:: DATA SUPPLIED ::

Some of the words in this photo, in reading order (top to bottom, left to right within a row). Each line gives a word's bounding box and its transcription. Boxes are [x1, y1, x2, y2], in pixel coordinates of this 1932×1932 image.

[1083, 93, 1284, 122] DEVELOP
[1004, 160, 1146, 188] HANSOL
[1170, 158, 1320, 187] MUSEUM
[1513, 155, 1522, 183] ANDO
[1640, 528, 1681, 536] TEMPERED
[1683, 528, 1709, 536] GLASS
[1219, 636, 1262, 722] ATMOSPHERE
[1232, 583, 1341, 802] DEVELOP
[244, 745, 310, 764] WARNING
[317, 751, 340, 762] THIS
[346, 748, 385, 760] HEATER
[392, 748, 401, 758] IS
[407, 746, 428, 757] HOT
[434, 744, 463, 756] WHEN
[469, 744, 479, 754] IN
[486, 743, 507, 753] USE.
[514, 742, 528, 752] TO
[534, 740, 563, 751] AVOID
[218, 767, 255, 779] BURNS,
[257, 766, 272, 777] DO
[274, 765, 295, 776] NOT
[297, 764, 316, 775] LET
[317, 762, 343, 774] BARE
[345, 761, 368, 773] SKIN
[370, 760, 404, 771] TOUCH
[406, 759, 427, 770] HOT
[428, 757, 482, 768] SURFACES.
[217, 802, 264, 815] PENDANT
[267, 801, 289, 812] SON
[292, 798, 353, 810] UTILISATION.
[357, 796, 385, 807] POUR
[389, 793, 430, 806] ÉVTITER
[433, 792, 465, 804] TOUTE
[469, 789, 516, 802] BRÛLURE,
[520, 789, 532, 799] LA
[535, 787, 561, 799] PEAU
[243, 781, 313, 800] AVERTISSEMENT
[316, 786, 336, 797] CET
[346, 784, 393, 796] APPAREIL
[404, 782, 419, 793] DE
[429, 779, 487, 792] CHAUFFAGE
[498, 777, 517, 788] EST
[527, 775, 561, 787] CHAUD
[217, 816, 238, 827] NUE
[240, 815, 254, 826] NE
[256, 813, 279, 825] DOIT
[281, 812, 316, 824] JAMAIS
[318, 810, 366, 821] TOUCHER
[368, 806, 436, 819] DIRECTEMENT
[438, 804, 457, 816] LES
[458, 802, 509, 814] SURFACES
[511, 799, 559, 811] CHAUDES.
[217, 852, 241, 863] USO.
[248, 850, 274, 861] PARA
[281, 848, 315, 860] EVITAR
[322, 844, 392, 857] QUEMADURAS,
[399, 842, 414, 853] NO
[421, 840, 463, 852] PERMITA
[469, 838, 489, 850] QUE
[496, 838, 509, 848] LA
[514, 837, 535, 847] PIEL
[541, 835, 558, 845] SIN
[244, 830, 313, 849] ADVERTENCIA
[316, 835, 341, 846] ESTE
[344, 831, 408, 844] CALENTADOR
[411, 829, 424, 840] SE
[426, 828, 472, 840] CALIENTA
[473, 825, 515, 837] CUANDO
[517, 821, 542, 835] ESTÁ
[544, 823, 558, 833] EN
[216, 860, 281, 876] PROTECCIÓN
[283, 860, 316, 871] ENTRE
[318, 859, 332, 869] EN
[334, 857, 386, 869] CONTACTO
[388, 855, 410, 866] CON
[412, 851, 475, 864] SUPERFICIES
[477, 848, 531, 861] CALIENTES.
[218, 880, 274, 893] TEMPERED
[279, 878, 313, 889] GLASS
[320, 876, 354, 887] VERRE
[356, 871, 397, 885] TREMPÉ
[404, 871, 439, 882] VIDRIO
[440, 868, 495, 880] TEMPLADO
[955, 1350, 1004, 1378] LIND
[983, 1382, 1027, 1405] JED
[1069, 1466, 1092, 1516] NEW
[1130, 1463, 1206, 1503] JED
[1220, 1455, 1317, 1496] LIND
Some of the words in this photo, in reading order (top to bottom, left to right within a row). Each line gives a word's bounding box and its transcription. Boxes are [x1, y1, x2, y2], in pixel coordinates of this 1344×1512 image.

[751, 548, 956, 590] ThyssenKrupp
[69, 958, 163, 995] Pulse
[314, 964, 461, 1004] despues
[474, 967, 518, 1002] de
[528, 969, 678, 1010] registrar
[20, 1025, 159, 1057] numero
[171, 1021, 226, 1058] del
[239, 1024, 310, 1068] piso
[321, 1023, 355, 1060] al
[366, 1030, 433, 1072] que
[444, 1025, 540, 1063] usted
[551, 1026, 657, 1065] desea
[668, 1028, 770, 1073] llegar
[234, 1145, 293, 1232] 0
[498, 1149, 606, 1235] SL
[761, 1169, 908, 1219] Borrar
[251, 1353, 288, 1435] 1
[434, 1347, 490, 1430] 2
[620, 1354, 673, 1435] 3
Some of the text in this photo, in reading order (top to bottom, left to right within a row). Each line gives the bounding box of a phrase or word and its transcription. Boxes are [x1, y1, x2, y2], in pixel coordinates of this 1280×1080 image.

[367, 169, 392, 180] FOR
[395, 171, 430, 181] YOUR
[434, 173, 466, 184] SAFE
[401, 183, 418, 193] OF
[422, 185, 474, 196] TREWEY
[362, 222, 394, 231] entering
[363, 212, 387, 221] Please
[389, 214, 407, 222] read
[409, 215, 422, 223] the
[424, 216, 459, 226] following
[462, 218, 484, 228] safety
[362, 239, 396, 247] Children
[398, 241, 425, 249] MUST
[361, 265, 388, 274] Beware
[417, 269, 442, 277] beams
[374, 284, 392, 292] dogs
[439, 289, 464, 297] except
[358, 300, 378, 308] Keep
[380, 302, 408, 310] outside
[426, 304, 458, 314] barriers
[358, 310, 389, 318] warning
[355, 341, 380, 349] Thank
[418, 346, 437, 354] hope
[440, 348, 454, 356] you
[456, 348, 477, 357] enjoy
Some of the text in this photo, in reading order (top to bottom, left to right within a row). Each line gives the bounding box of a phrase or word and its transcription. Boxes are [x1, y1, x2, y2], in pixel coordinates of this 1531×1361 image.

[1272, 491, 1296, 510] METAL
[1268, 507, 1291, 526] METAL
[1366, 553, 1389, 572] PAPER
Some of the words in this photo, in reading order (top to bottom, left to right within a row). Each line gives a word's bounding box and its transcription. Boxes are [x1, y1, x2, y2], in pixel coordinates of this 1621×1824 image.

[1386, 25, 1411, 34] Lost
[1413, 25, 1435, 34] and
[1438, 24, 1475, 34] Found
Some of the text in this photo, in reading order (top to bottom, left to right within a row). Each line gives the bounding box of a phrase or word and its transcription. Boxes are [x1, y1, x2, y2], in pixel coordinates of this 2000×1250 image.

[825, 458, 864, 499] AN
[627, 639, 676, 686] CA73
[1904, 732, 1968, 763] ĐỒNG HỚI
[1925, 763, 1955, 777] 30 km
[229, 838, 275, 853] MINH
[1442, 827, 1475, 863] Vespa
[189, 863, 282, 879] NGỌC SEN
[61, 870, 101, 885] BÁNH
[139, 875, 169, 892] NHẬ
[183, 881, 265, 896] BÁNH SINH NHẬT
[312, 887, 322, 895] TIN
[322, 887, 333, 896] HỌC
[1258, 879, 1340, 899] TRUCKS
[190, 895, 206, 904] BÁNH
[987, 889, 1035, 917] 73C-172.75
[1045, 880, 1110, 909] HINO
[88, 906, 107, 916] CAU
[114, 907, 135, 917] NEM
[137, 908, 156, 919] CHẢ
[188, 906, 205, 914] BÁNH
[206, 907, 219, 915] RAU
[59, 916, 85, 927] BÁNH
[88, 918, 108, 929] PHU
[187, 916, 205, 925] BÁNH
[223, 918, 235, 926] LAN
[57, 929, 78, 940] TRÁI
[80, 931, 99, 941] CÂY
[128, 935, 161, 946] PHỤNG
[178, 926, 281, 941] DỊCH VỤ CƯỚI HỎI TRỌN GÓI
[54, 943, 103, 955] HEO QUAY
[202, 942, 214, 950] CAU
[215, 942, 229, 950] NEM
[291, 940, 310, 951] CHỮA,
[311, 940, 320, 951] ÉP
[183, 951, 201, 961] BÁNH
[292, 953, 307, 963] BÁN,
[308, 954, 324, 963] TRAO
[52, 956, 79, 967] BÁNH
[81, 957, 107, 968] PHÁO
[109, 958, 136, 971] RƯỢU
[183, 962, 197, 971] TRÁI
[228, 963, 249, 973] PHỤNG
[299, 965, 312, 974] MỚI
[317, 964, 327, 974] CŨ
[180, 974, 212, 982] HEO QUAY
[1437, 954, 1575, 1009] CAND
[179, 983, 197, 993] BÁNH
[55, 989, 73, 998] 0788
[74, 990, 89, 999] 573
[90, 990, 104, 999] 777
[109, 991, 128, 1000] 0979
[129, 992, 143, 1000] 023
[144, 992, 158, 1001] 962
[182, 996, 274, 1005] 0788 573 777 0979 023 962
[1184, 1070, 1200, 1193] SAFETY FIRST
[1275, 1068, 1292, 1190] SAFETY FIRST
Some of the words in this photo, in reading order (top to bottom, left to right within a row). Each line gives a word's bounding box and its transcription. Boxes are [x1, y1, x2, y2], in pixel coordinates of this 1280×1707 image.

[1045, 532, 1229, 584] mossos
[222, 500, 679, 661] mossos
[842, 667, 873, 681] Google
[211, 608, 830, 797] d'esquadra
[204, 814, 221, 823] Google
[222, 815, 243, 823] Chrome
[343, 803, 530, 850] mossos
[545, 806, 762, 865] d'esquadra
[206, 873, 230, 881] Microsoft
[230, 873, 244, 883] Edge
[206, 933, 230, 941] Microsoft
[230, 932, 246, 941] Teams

:::

With both ends included, please retype exactly the lines from the line containing "this 1280×1707 image." to the final line of the data.

Some of the words in this photo, in reading order (top to bottom, left to right within a row). Each line gives a word's bounding box and its transcription. Boxes are [x1, y1, x2, y2], in pixel coordinates of this 1280×1707 image.

[1045, 532, 1229, 584] mossos
[222, 500, 679, 661] mossos
[842, 667, 873, 681] Google
[211, 608, 830, 797] d'esquadra
[204, 814, 221, 823] Google
[222, 815, 243, 823] Chrome
[343, 803, 530, 850] mossos
[545, 806, 762, 865] d'esquadra
[206, 873, 230, 881] Microsoft
[230, 873, 244, 883] Edge
[206, 933, 230, 941] Microsoft
[230, 932, 246, 941] Teams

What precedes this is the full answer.